Subtyping is often confused with inheritance. Axiom is a data modeling language and not a programming language. Therefore it is quite obvious that Axiom is focusing on subtyping instead of inheritance. However, there is also a bit of inheritance involved in structured type subtyping. Subtype automatically "inherits" definitions of all items of a supertype. This is a natural thing to do, as subtype has to satisfy the contract of the supertype and the common method how to do that is to reuse supertype items. However, this is only a default behavior. Subtype is free to provide its own definition of the supertype items - as long as it still satisfies the supertype contract.

However, there is also a downside to subtyping. The subtype has a very tight binding to the supertype. Whenever supertype changes, the changes may affect subtype in a very severe way. The use of subtyping is recommended only in cases that there is a strong coordination of evolution of supertype and subtype, ideally when they are part of the same model.

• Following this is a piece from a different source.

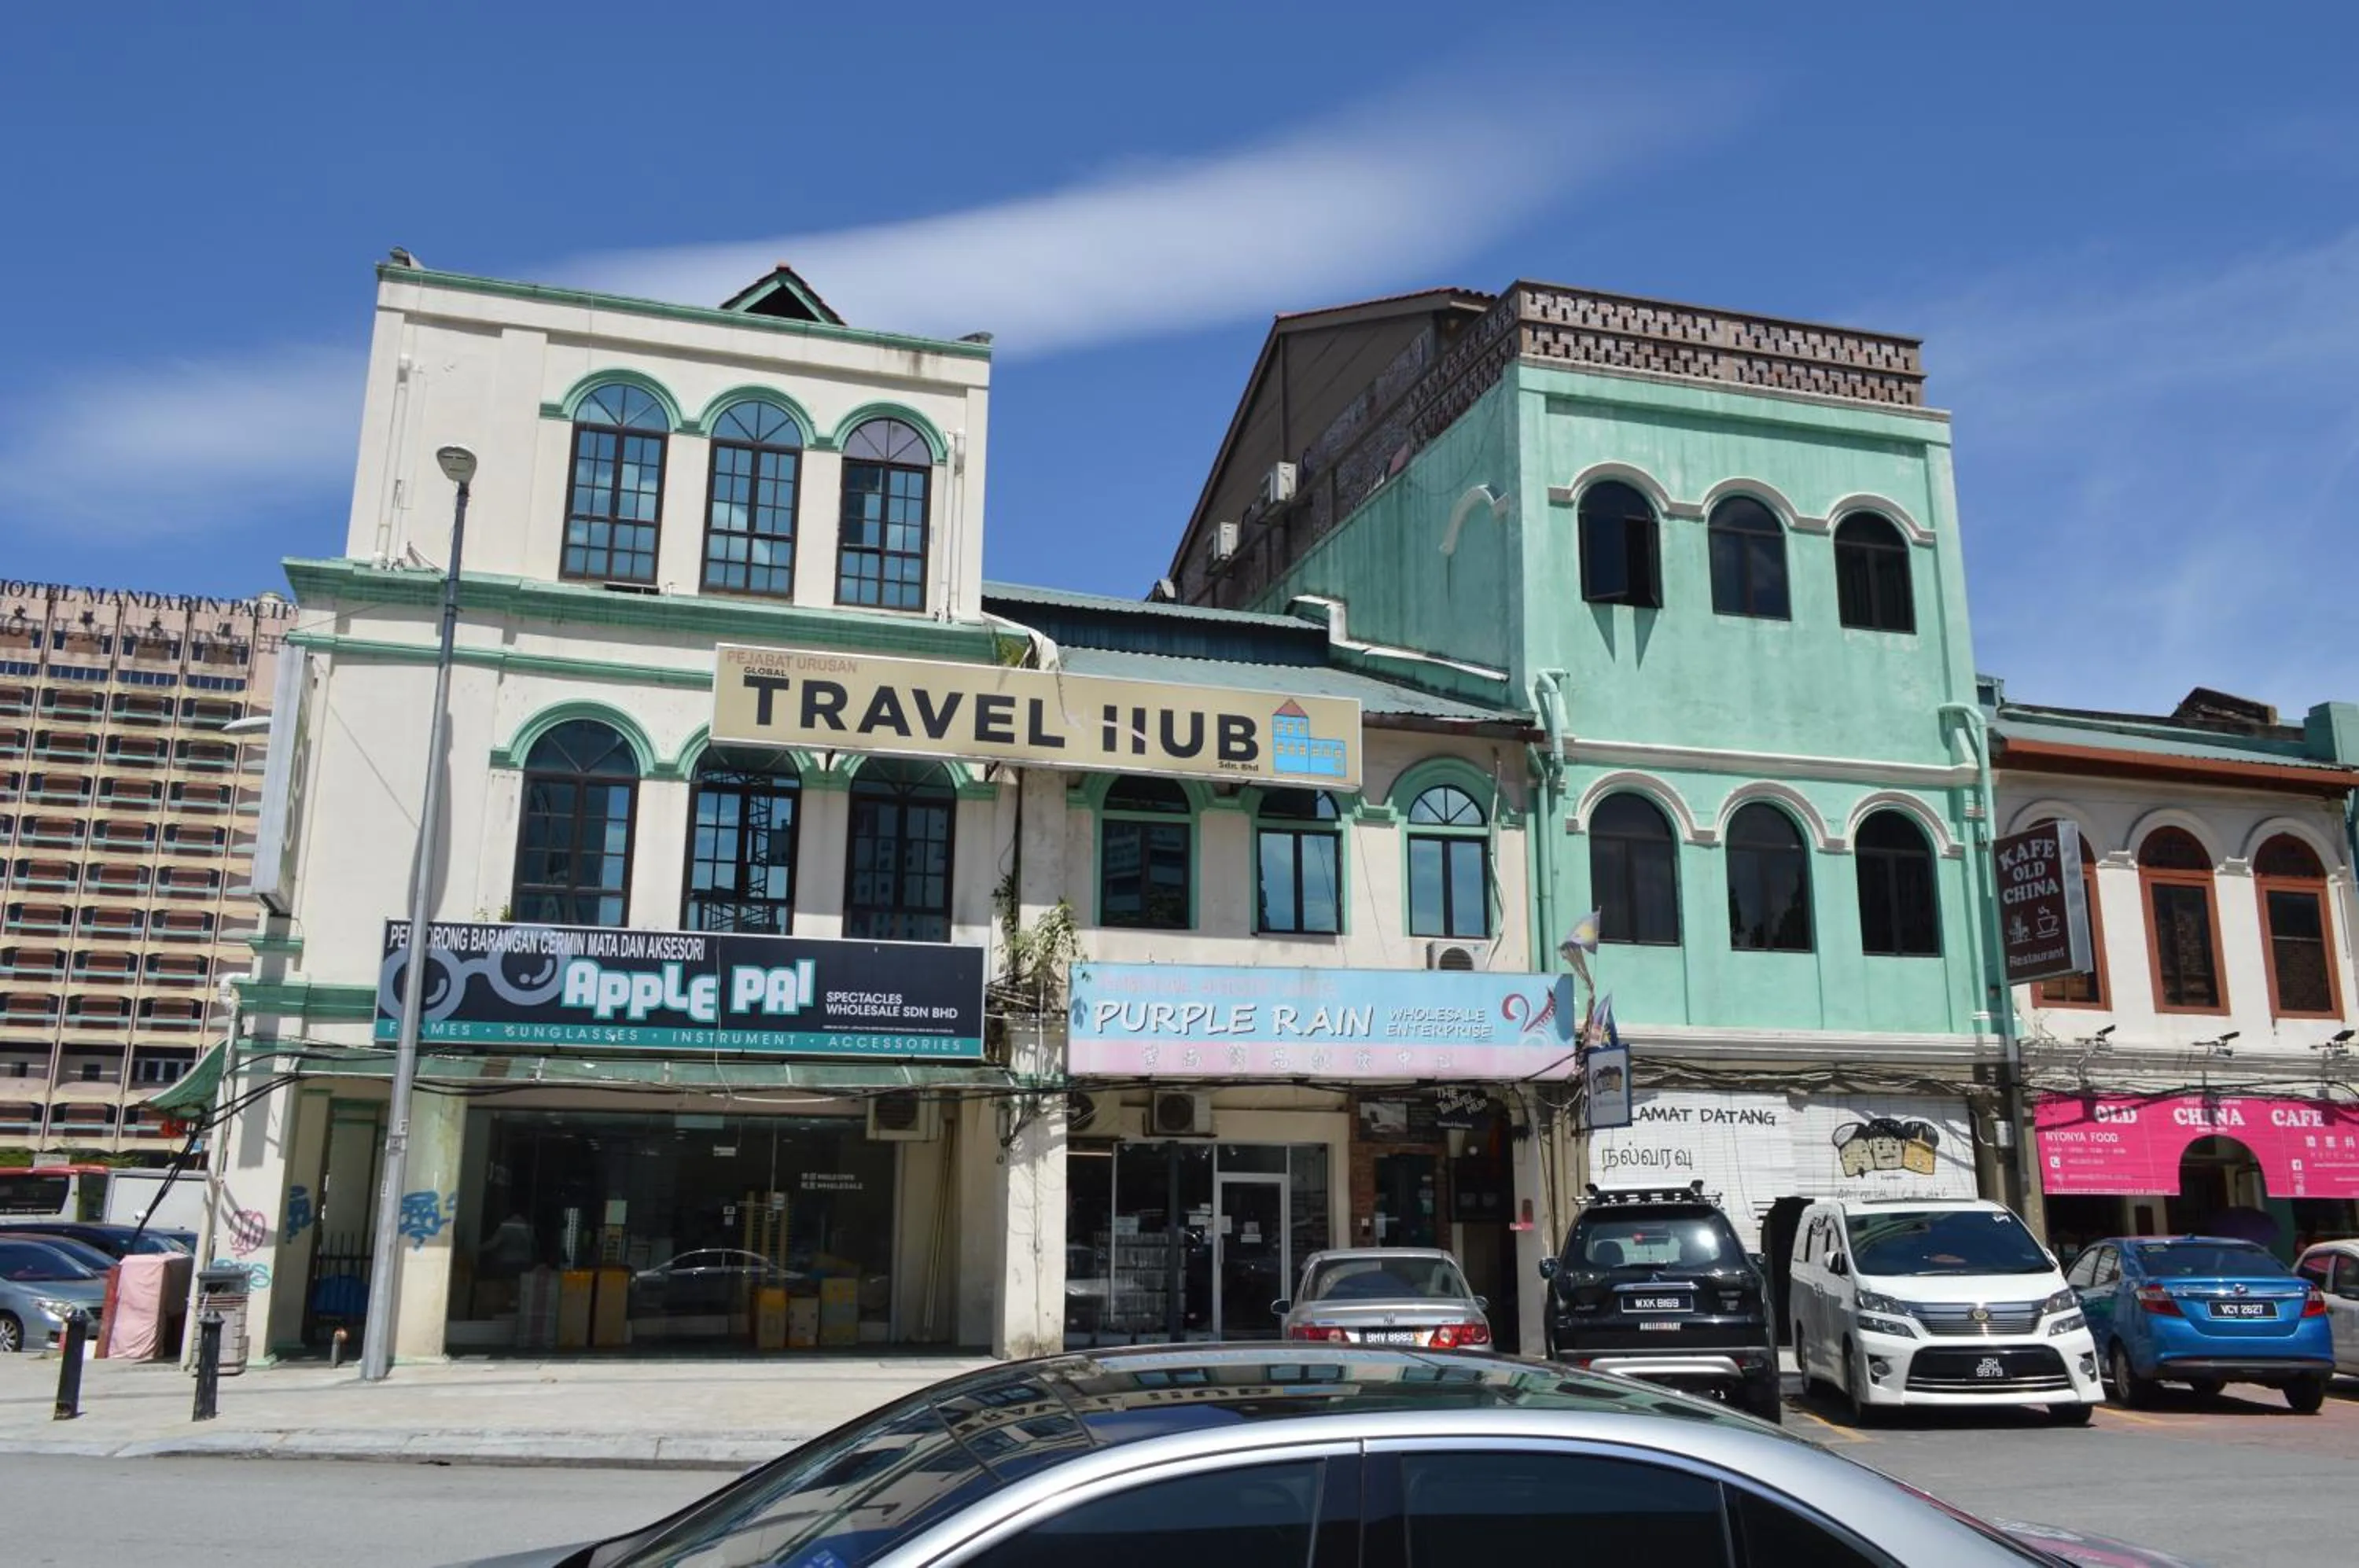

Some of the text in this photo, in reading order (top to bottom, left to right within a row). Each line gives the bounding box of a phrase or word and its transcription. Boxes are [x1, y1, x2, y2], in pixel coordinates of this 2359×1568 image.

Simple type subtyping is planned for the future, but it is not supported yet.

Mixins

Mixin is a data structure designed to be included in other data structures. Use of mixins is similar to inheritance used in subtyping, but it is not bound to subtyping and therefore it does not need to follow type hierarchy.

model example {
    mixin Documented {
        item documentation {
            type string
        }
    }

    type Object {
        item name { ... }
        include Documented;
        ...
    }
}

The mixin is seamlessly integrated into the data type:

YAML
object:
    name: foo
    documentation: This is really useless object.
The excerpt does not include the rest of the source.